The above powerfully good women in the inspiring ways that they do, I am thankful for the above in my life, I am thinking about my father who would have turned 92 this week, I am thinking of going back to it, now that the only thing I've done so far today is create an opportunity to think about the above, ruminate, move through it. Maybe you can see it better than me.

top 2 photos of Melissa's interiors by marichelle
3rd is mine, 4th is Robert Doisneau: Papa’s Airplane, 1934, 5th is of my parents by Alexa Vachon, 6th is by Jim, in Marrakech in the Badii Palace 

Everything's Coming up Violets etc.

What is it about violet? It's misty-ness? 

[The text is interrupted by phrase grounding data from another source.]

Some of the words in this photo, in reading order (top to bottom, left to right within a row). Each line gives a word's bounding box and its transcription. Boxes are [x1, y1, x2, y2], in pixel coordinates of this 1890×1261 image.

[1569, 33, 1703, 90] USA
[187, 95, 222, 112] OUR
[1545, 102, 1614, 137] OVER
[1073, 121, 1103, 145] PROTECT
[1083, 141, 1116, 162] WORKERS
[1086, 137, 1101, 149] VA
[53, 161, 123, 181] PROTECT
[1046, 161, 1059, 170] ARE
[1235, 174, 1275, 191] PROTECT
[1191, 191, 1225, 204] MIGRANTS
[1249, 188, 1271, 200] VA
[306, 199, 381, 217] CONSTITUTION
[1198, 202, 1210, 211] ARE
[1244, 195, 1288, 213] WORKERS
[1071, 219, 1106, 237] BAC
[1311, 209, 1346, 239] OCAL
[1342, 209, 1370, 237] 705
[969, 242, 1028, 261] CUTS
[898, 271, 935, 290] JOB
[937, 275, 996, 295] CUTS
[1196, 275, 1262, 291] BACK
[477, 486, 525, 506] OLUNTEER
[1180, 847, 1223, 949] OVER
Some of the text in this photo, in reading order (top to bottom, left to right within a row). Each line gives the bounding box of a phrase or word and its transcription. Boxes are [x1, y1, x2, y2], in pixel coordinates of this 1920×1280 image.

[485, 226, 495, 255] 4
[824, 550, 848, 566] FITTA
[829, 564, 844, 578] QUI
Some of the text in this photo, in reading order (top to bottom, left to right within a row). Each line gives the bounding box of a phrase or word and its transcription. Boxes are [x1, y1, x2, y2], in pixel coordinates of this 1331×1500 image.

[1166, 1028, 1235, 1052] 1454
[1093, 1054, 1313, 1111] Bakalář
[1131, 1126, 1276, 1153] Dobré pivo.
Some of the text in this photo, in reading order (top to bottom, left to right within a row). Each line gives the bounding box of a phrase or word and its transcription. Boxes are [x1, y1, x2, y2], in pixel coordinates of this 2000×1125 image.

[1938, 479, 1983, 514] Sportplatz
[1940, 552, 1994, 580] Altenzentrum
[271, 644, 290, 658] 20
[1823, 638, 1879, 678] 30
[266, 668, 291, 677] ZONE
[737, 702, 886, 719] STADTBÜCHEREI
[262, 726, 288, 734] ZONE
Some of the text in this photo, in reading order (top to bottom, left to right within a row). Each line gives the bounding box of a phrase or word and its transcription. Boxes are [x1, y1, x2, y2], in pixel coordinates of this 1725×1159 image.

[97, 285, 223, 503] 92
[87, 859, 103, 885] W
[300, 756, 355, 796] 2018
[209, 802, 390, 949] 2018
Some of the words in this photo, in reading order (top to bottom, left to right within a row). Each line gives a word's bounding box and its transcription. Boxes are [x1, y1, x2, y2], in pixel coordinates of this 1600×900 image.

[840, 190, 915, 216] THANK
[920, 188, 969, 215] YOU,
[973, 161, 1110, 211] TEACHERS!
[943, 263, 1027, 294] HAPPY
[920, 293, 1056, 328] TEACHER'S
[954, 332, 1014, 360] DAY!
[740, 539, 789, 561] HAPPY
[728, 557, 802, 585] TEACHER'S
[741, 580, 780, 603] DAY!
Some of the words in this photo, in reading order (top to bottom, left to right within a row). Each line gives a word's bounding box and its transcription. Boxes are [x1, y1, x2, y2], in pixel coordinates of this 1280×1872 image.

And bright orange? It's sunny-ness?


And a bright mixture of hot pink, safety-cone orange, pistachio green? It's floweriness?

Another 2 days on Fab.com. But Spring will be here longer.   And Spring? It's Springing-ness? Happy Spring.

Tuesday, March 20, 2012

Home and Another Fab.com Sale

My Paris Diary lost steam as I got busier with appointments in Paris. When Jim finally came a week later we paid homage to some beautiful art at the Louvre for his birthday (his b&w photo above) and then a visit to his favorite restaurant where none other than Catherine Deneuve, sunglasses and glory, sat behind him. I watched her elegantly pick up her rare steak with fork and knife, similar to what we had on our plates and thought how nice it was we all shared the same ability to chew, that celebrity means little in the face of a good Parisian lunch.Later we had a lot of fun with old and new friends, drank Calvados and walked and walked. The next day we flew to Morocco, the Atlas Mountains and the Sahara Desert but that's a story for tomorrow. Today...

 

 ...at 11a.m. is Fab.com sale number three, Spring colors. 
Pass it on...

Monday, March 5, 2012

Paris Journal 2012: Apartment Therapy


Day 2 More: Saturday brunch at Sebastian and Noriko's on Rue Poulet right upstairs from the African Market. From outside, a beserk cacophony of hawking and action and baskets of tropical fruits and chilis to inside, a warm and cozy Paris apartment with a new baby named Iona and old and new friends. Each time I am here in Paris, I sink in deeper and deeper. Anyway.

Menu: poulet and galettes, tango music, multilingual election talk, game of pass the baby, apartment therapy. A full day of Paris leisure filled with style and love and not to mention, that hot pink wall kills.